Once upon a time, I went to a college that believed exposure to contrary opinions was a necessary step to adulthood and citizenship. Starting with the Constitutional Convention of 1787, we read the debates that shaped the nation. Nothing was more basic to American citizenship than debate. After Obama’s election in 2004, at a Democrat meeting, I suggested talking with local Republicans, but the idea bombed. They confessed they didn’t know how to talk to them about politics. Last week, a column in our local paper asks readers how long it had been since they exposed themselves to any opinion that did not agree with theirs. Where did it go? When did we start treating each other as enemies instead of opponents?

cockfight

 

For me, it began when President Truman proposed National Health Care (no, not Obamacare) and my classmates called me a “commie” because my father, a physician, was on salary, not in private practice. I was twelve. I was seventeen when Senator Joe McCarthy sent his investigators to campus because the University of Chicago refused to make its faculty sign loyalty oaths and because we studied the Communist Manifesto. Reading it made us traitors.

It’s all in the language and language shapes the way we think. If “opponent” becomes “enemy,” disagreement becomes a “threat to our way of life,” agreeing with the opponent about anything becomes “selling out,” Closing your mind to all ideas other than those of your group becomes “loyalty,” “sticking to your guns,” “standing up for principals.”

When the Sixties came along, the Left picked up the war lingo they’d inherited. They talked of “revolution,” declared “war” on the establishment, and anyone liberal whose ideas differed in any way became “patsies of the establishment,” or “sellouts.”

Those were tumultuous times, filled with violence and multiple assassinations. Again language was inflamed—the glory of battle on the one hand, the fear of disintegration on the other. We survived changed. Split by fear and anger created in large part by our own inflammatory rhetoric. In the universities where I taught, there was no debate between theories of politics or anything else. One school supported one theory and another another. Those crossing the line were stigmatized and isolated. On both left and right solidifying of opinion became “unifying,” silencing the middle—“wishy-washy patsies” who don’t know their own mind.
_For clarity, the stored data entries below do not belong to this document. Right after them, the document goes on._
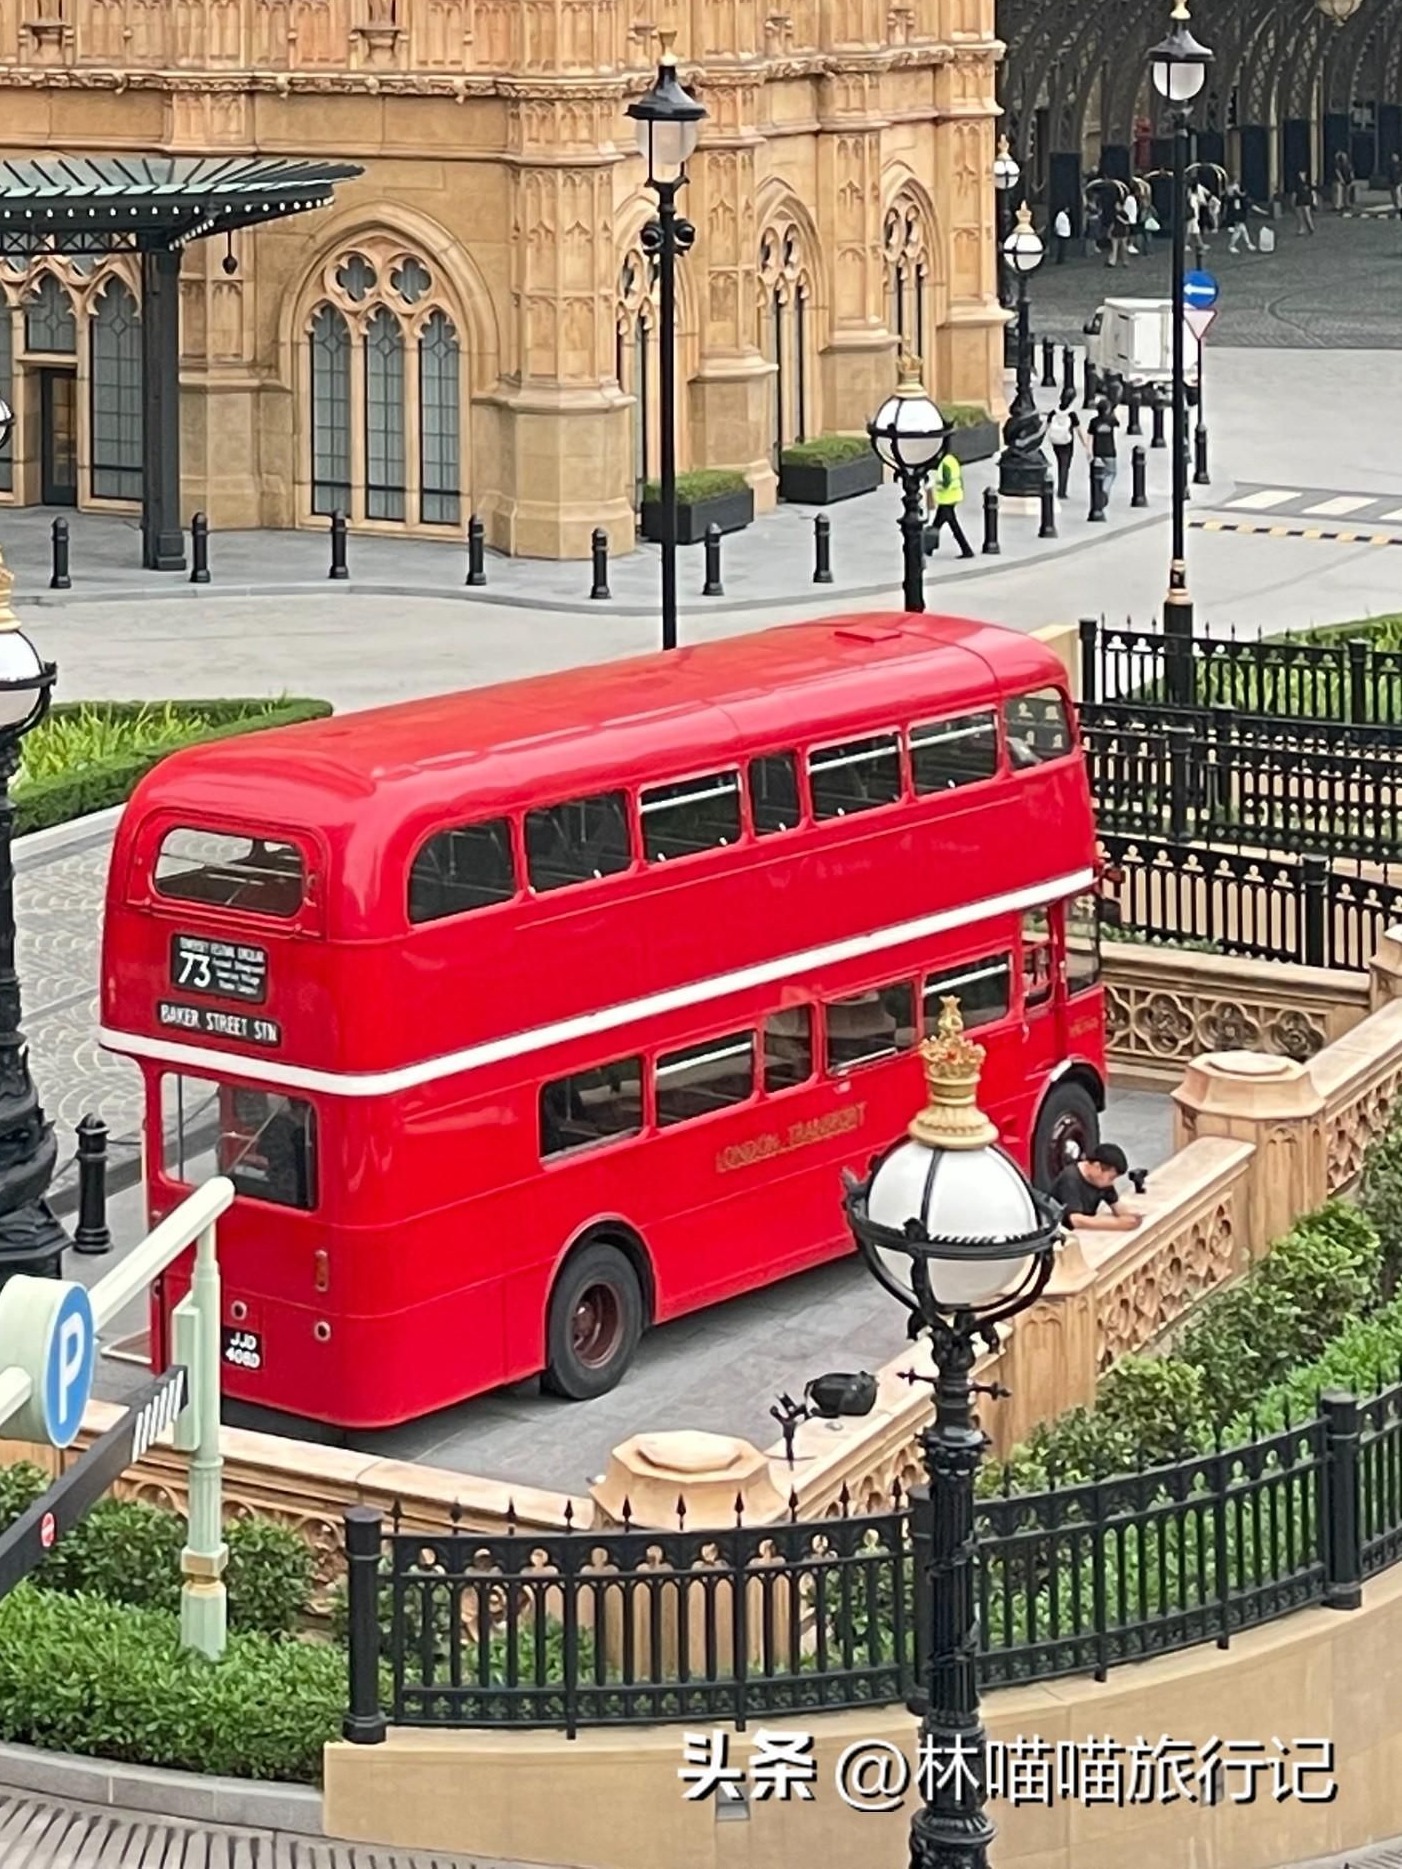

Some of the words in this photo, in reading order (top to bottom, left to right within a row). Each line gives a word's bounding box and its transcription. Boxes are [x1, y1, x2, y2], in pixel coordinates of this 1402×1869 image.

[178, 951, 211, 988] 73
[160, 1004, 200, 1028] BAKER
[205, 1012, 249, 1036] STREET
[253, 1020, 278, 1042] STN
[59, 1312, 85, 1425] P
To me, as a Democrat, this change in university life was bitter. I’d been active in politics before the Sixties, working for candidates, even running campaigns, but found myself silenced because I held view other liberals deemed “incorrect.” My heritage—both family and schooling—has taught me to doubt anyone who claimed their views were Truth. But the Sixties had left liberals in closed ranks and for me closed ranks make closed minds.

We blame Washington for it all, but let’s face it, the language of war is exciting, the glory of battle exhilarating, unifying, powerful. Our politicians tell us what we want to hear, and we’ve used the rhetoric of war rather than the language of debate for so long we’ve forgotten what talking with an opponent, much less, opening our minds to another way of thinking is like. Almost seventy years have passed since that schoolmate called me a “commie,” and every year exchanges debate disintegrate further into name-calling. Perhaps we’ve gotten what we deserve. Closed-minded rants that cycle over and over in their own little world until the rest of us clap our hands over our ears and stick our heads in the sand.
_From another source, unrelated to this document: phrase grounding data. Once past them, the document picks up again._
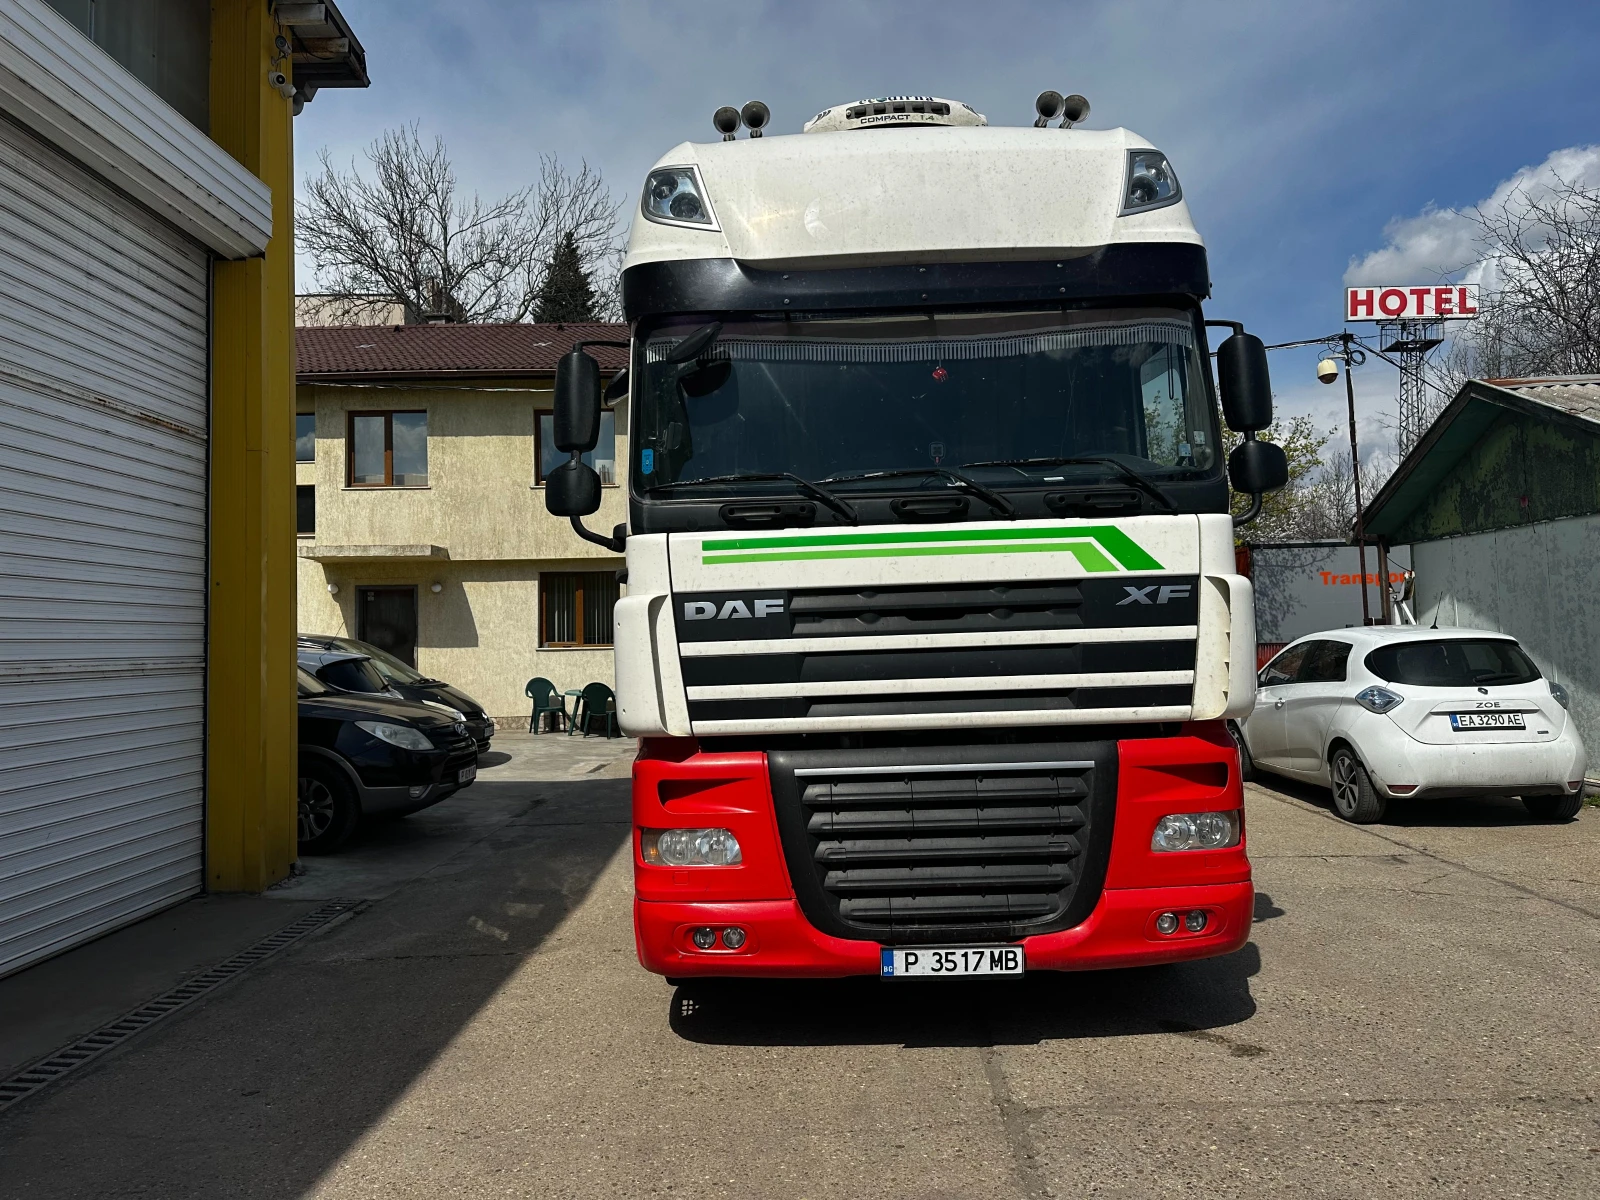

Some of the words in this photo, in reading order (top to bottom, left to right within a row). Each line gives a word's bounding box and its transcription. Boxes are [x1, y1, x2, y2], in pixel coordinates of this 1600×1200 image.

[860, 114, 910, 124] COMPACT
[1350, 288, 1477, 316] HOTEL
[1320, 571, 1411, 586] Transpor
[1115, 585, 1192, 605] XF
[684, 599, 784, 620] DAF
[1460, 715, 1476, 726] EA
[1479, 714, 1505, 726] 3290
[1507, 714, 1522, 725] AE
[904, 952, 919, 973] P
[931, 951, 985, 972] 3517
[990, 950, 1019, 971] MB
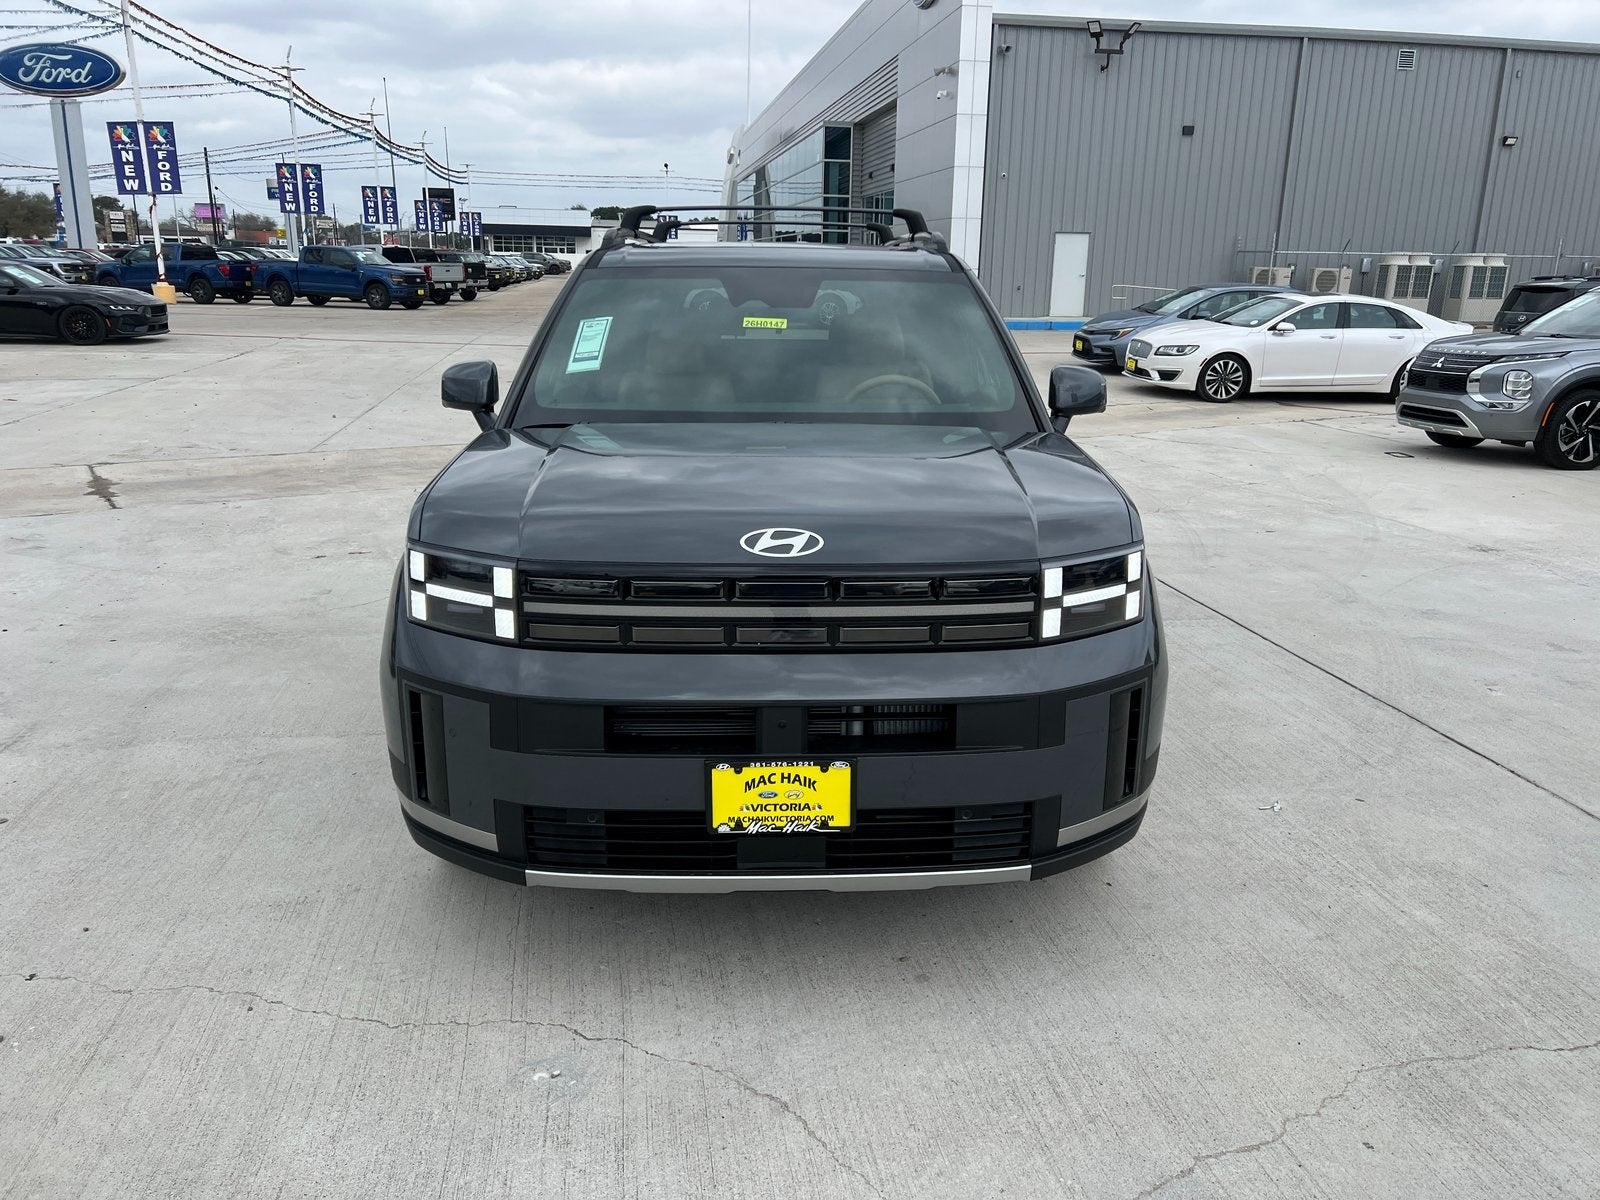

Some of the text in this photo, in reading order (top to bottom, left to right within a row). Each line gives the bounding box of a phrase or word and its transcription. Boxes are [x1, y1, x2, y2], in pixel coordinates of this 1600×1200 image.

[18, 52, 92, 84] Ford
[121, 150, 139, 191] NEW
[157, 150, 172, 192] FORD
[284, 183, 296, 211] NEW
[308, 183, 319, 212] FORD
[367, 201, 377, 223] NEW
[386, 201, 394, 223] FORD
[418, 212, 426, 230] NEW
[744, 320, 785, 328] 26H0147
[744, 772, 818, 793] MAC HAIK
[750, 803, 812, 812] VICTORIA
[745, 819, 820, 834] Mac Haik
We need James Madison—the man who brought bitter factions together sufficiently to give us a Constitution. He wasn’t on the ballot, but the talk on the media was all about “working together,” and everything I’ve read about the mood of the nation tells me we are all sick of the battle that goes nowhere. Let us hope his brains, talent, and perspective will appear in the new group that leads the nation. And let’s hope the people will rediscover their citizenship.